Recently I was reading this awesome PhD thesis by Abby Levenberg on Stream based Machine Translation. In this kind of scenario an MT system is fed a stream of data from time to time instead of all data at once. Batch learning fails in this scene because we cannot train the data everytime a stream is fed to a system, its a painfully long process. Thus, it marks the dawn of incremental learning, the 2.0 version of batch learning.
The process which takes the most of the time in training MT models can be said to be aligning the words in the sentence. This is a generative process which uses EM algorithm to align these words. Well it is really difficult to explain EM algorithm with a short description. As the name suggests the algorithm consists of two basic steps of Expectation and Maximization. First, the algorithm assumes all alignments equally likely, giving us the alignment probabilities. Using this probability model we collect the counts(sufficient statistics) for each pair of sentence (Expectation step). Using these fractional counts we estimate the alignments probabilities by normalizing them (Maximization step).
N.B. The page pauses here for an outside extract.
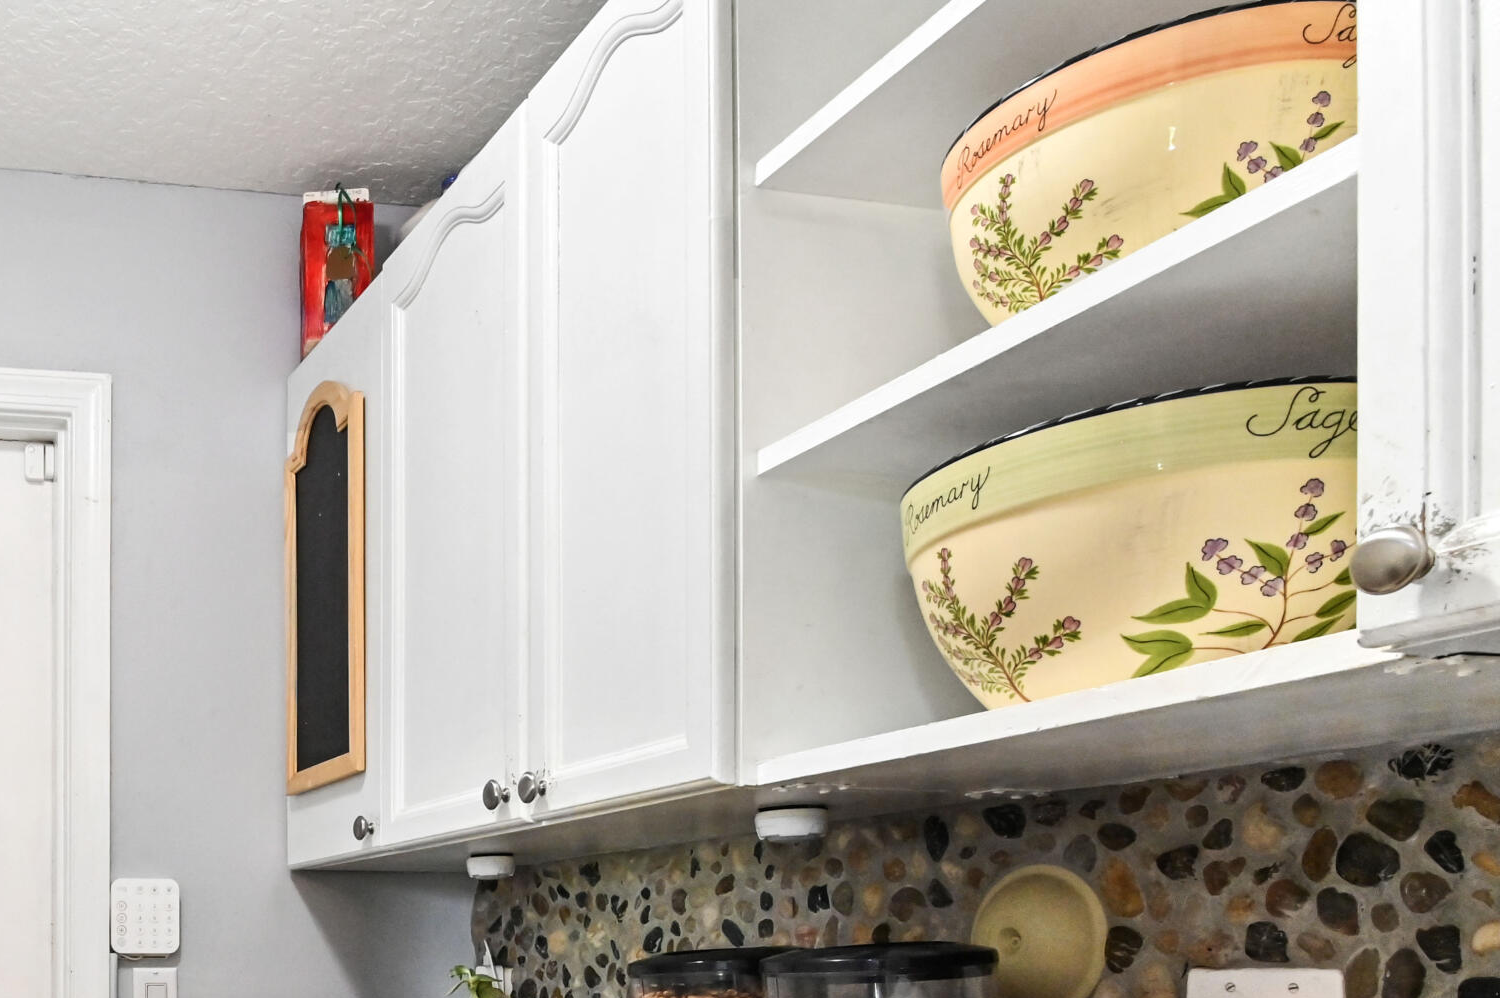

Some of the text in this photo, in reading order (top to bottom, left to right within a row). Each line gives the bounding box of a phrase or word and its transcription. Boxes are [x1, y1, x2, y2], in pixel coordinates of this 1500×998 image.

[1302, 3, 1357, 69] Sa
[957, 89, 1057, 190] Rosemary
[905, 466, 991, 547] Rosemary
A pseudo code of EM taken from Levenberg’s paper
A modern version of EM is stepWise EM which uses stochastic approximation at the expectation step to collect the counts. Further, instead of clearing the counts at each iteration it keeps a track of the old counts and linearly interpolate them with the current counts to estimate the new alignment probabilities.
A pseudo code of both these algorithms taken from Levenberg’s thesis
1. The thesis also shows that incremental algorithm performs almost the same as batch.
2. Online learning, incremental learning are quite hot topics in NLP nowadays.